One might, of course, ask whether there not are other and better tasting species that can be successfully reared in ponds. Well, there definitely are. So why are the Czechs so fixated on the poor carp? Simply because of its almost mythical role in Czech culture.

This is not only based on the fact that the carp is a “cute” fish, whose marked lips, big eyes and fat belly make it an obvious hero in the illustrated fairy-tales which Czech children are raised with. The main reason is that the carp, ever since the Middle Ages, when people strictly observed Lent, has been the ultimate Christmas dish of the Czechs.
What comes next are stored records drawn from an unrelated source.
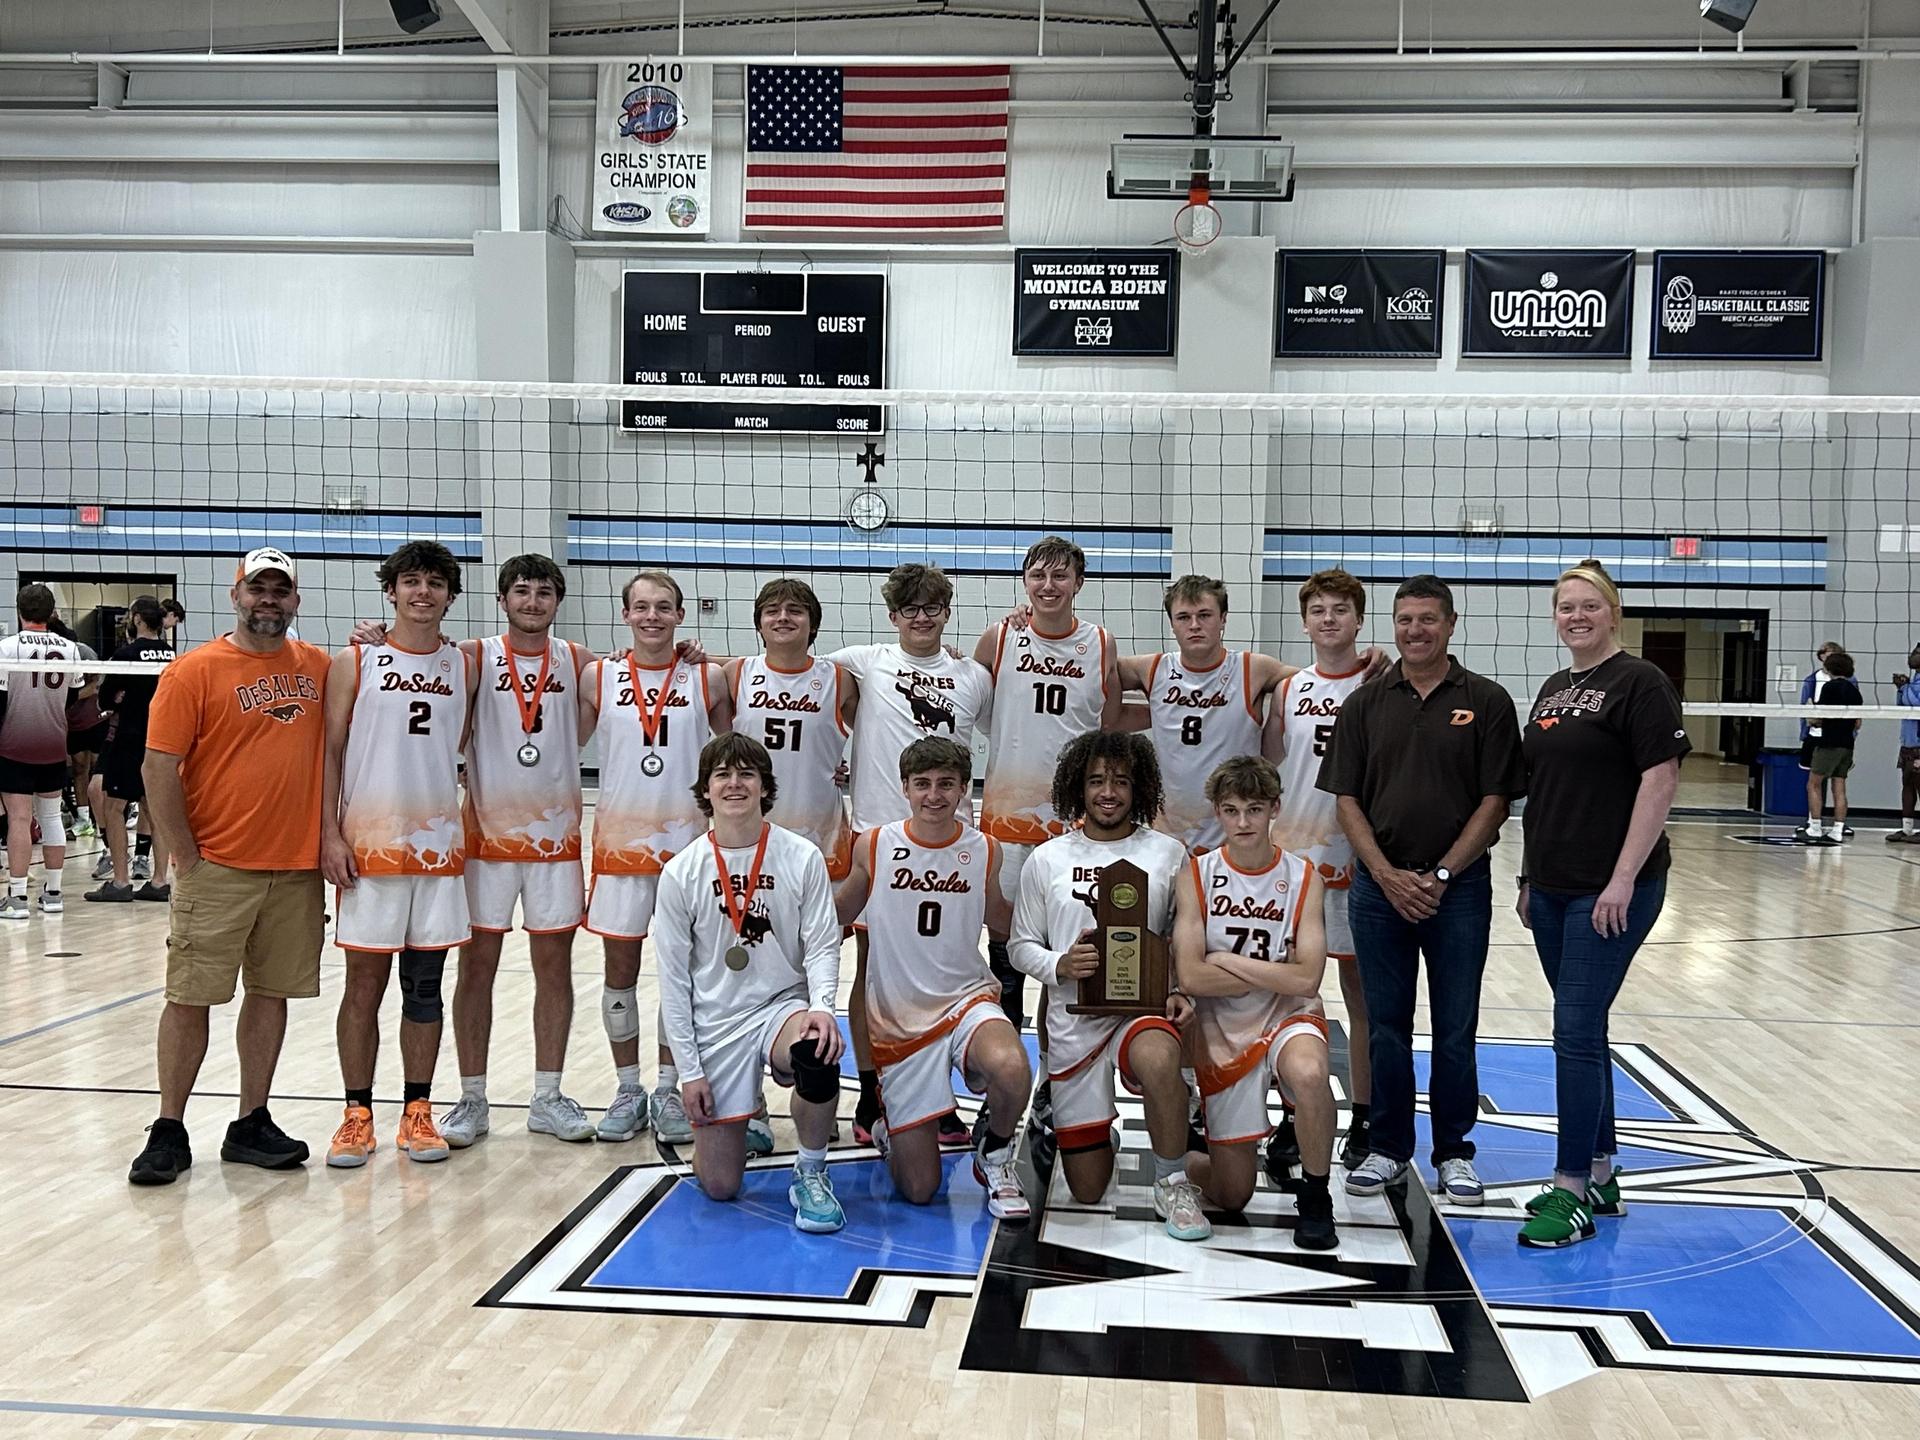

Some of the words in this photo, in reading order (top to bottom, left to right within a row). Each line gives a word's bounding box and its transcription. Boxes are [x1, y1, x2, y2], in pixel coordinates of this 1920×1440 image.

[626, 63, 684, 83] 2010
[600, 152, 653, 169] GIRLS'
[656, 153, 707, 170] STATE
[609, 172, 697, 190] CHAMPION
[1032, 264, 1105, 276] WELCOME
[1107, 264, 1127, 276] TO
[1129, 264, 1160, 276] THE
[1023, 279, 1106, 295] MONICA
[1109, 279, 1167, 295] BOHN
[1049, 299, 1140, 311] GYMNASIUM
[1287, 307, 1313, 315] Norton
[1314, 307, 1339, 316] Sports
[1339, 307, 1364, 315] Health
[1386, 296, 1434, 313] KORT
[1697, 299, 1764, 312] BASKETBALL
[1766, 300, 1810, 312] CLASSIC
[643, 314, 687, 331] HOME
[817, 316, 866, 333] GUEST
[1721, 315, 1747, 323] MERCY
[1748, 315, 1785, 323] ACADEMY
[734, 324, 772, 337] PERIOD
[1076, 326, 1111, 336] MERCY
[1501, 329, 1593, 338] VOLLEYBALL
[635, 371, 668, 384] FOULS
[680, 372, 706, 384] T.O.L.
[720, 372, 758, 385] PLAYER
[761, 373, 787, 386] FOUL
[799, 373, 825, 386] T.O.L.
[837, 374, 870, 387] FOULS
[634, 415, 667, 428] SCORE
[734, 417, 769, 429] MATCH
[836, 418, 869, 431] SCORE
[19, 633, 67, 649] COUGARS
[1016, 653, 1085, 679] DeSales
[380, 671, 454, 696] DeSales
[495, 672, 565, 693] DSles
[616, 688, 690, 708] DSles
[748, 690, 821, 713] DeSales
[1032, 681, 1068, 717] 10
[408, 700, 432, 736] 2
[1450, 708, 1475, 726] D
[763, 716, 803, 752] 51
[1180, 714, 1202, 746] 8
[892, 847, 911, 861] D
[890, 867, 971, 894] DeSales
[1212, 875, 1229, 889] D
[1210, 894, 1285, 922] DeSales
[916, 900, 943, 938] 0
[1225, 926, 1272, 962] 73
Neither centuries of Austrian rule, Nazi occupation or communist dictatorship managed to budge the carp’s position. Just as stubbornly as the Czechs resisted the Moscow-promoted Dyedushka Moroz (Father Frost) and clung to their Ježíšek (Infant Jesus) as the holiday’s main star, nothing can replace the carp, served fried with potato salad, at the Christmas table.

Photo © Jaroslav Fišer

Thus, every December a fantastic show is performed all over the country. Large containers filled with water and wriggling carp pop up in streets and squares. Even if the thermometer falls to 20 degrees below zero, millions of Czechs queue up patiently for hours to buy their Christmas dinner. When they are finally served, the fishmonger, with clothes dramatically smeared with blood and guts, asks the classic question: to kill, or not to kill?

Most people tend to follow Pilate’s example, and they give the fishmonger the go-ahead to smash the carp’s noodle with a club, and thus promote the poor fellow directly to the frying pan. However, it often happens, especially when children have come with Mom or Dad to buy the Christmas delicacy, that the carp gets temporary mercy. Instead of being instantly dispatched to eternity, the fish is carried away in a plastic bag, and then allowed to swim in the family’s bathtub until Christmas Eve.
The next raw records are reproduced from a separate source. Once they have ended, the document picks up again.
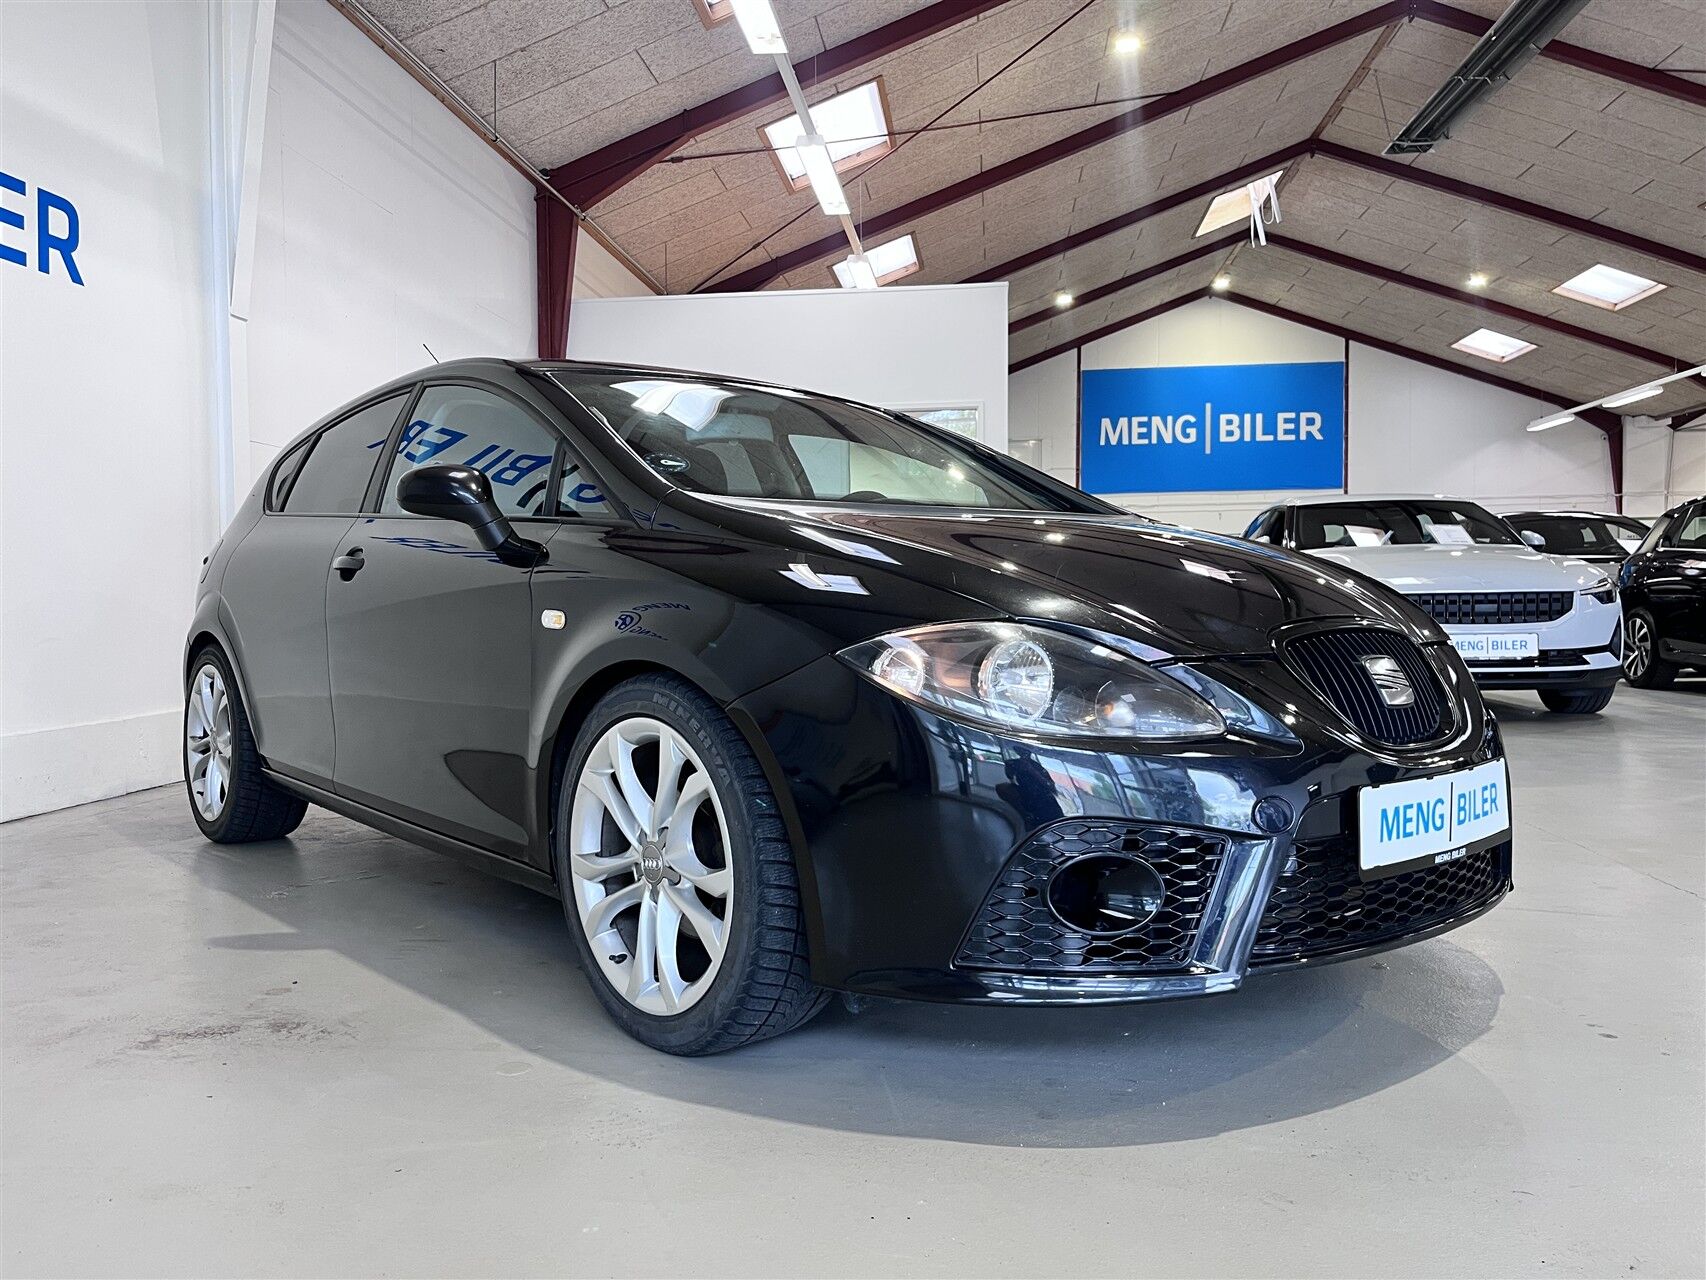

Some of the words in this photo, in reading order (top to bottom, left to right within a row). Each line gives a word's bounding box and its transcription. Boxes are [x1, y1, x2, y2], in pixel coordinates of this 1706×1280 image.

[1099, 414, 1197, 446] MENG
[1219, 411, 1324, 443] BILER
[1491, 639, 1528, 650] BILER
[652, 692, 732, 787] MINERVA
[1379, 797, 1445, 843] MENG
[1456, 782, 1499, 826] BILER
[1435, 851, 1451, 864] MENG
[1452, 847, 1467, 859] BILER
Needless to say, there are those softhearted Czechs who can’t bear to kill their new pets. This often leads to an even more fantastic spectacle than the carp-shows in the street. Every Christmas Eve, you can see people at the banks of Vltava and other big rivers. There, they are giving their fellow creature new life by putting it back into the water where it belongs. True, river water is usually far too cold for the carp, so they inevitably die, but probably not even Christ himself would have questioned the carp-owners’ sincere motives.